A conversa consta da série de diálogos grampeados entre autoridades do governo às vésperas do leilão do Sistema Telecomunicações Brasileiras (Telebrás), que voltou a ser divulgada pelo jornal "Folha de S. Paulo".
"Não ouvi a fita, não saberia dizer se houve alguma alteração ou edição, mas o diálogo com o ministro é familiar", afirmou Guerreiro, durante encontro com deputados da Comissão Parlamentar de Inquérito (CPI) da Telefonica na Assembléia Legislativa de São Paulo.
Segundo Guerreiro, o diálogo foi realizado depois da realização do leilão. A Stet perdeu para o consórcio Telemar e o envelope com a proposta foi destruído. De acordo com as gravações, Barros diz que "foi montada uma maracutaia" e que o Tesouro saiu perdendo. "Porque o preço da Tele Norte ía ser R$ 5,1 bilhões." Mas acabou saindo pelo preço mínimo, com apenas 1% de ágio. O ex-ministro, ainda segundo as gravações, sugere enviar a Guerreiro uma lista de dez pessoas - "de confiança da nossa área, tipo aquele japonês" - para serem indicadas ao Conselho de Administração da Telemar.
"Eu acabei não recebendo essa lista, não tomei conhecimento", afirmou o presidente da Anatel. Disse também que não sabe quem era o "japonês" a que Barros se refere. Guerreiro desmentiu também a afirmação de que a Anatel estaria defendendo a saída do BNDES da Telemar.
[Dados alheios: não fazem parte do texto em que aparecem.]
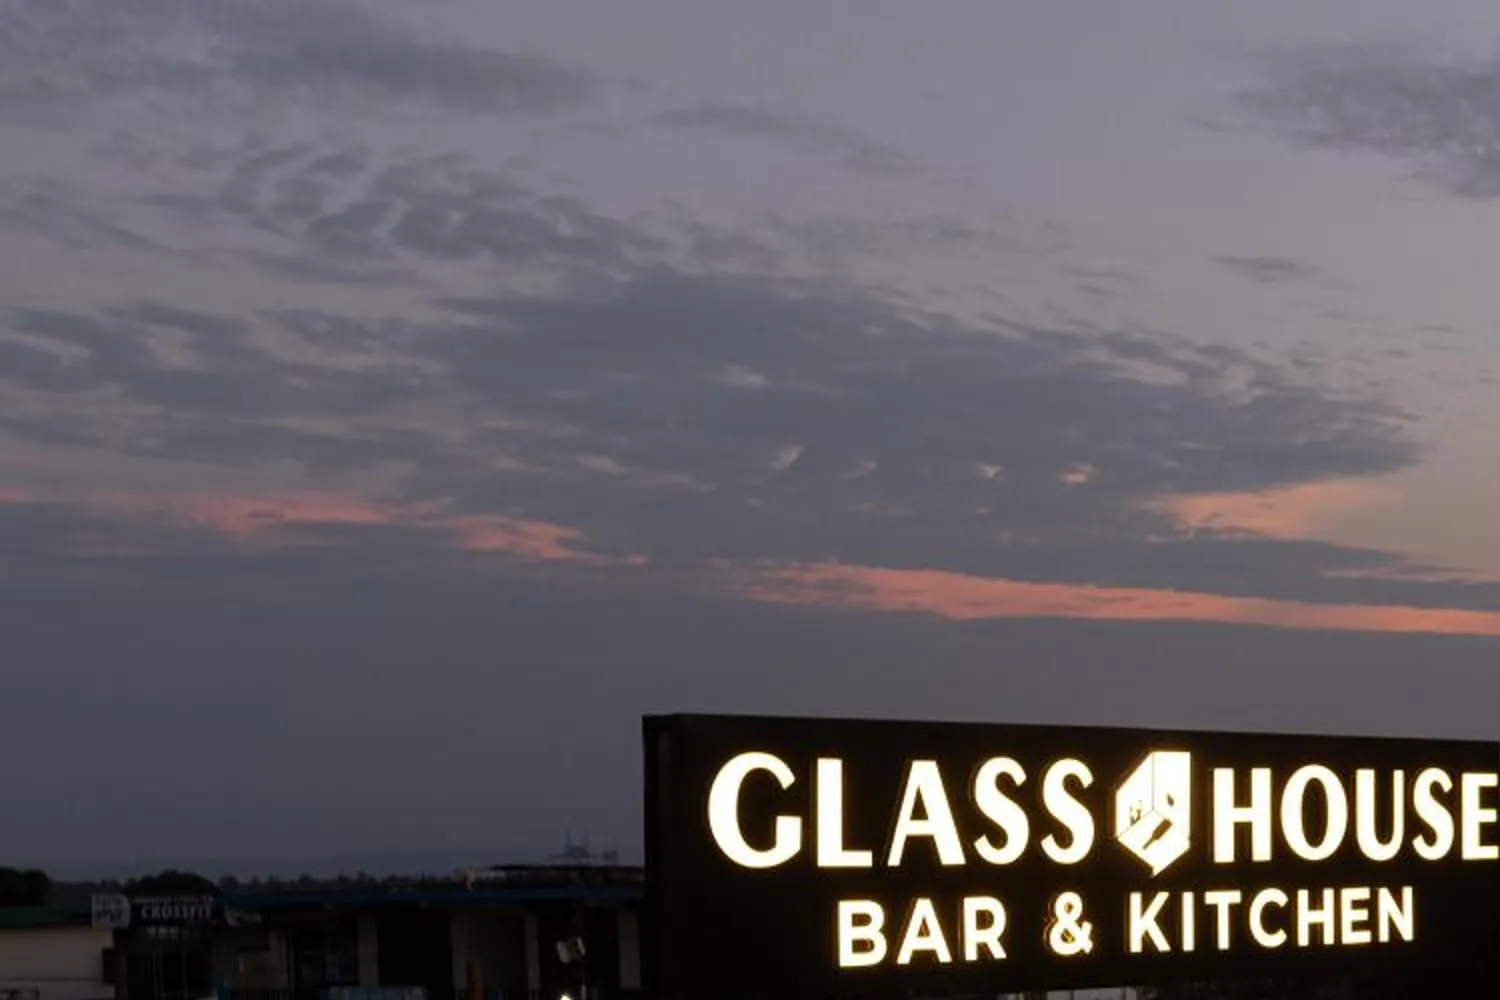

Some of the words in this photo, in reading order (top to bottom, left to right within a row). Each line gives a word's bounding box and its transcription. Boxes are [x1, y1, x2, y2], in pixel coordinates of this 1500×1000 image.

[707, 751, 1095, 869] GLASS
[1213, 764, 1499, 863] HOUSE
[838, 896, 1007, 967] BAR
[1049, 891, 1093, 956] &
[1129, 886, 1414, 953] KITCHEN
"Disse apenas que o BNDES pode entrar e sair do consórcio a hora que quiser, desde que esteja dentro das regras; se estiver dentro das normas, a Anatel não verá nenhum empecilho", disse. O regulamento da Anatel prevê que o consórcio comprador mantenha mais de 50% das ações por, no mínimo, cinco anos.
Durante a apresentação na Assembléia Legislativa, Guerreiro afirmou que "bandidos continuam gravando conversas telefônicas particulares". Após o encontro com os deputados, disse que é difícil deter esse tipo de crime porque os grampos, como são apenas microfones de alta sensibilidade que não se prendem aos fios da rede telefônica, não podem ser detectados pelas operadoras.
"Apenas uma varredura completa na casa da pessoa pode detectar um grampo", explicou. No caso da varredura do BNDES, disse Guerreiro, não foi encontrado nenhum sinal de grampo na rede da empresa Telecomunicações do Rio de Janeiro (Telerj).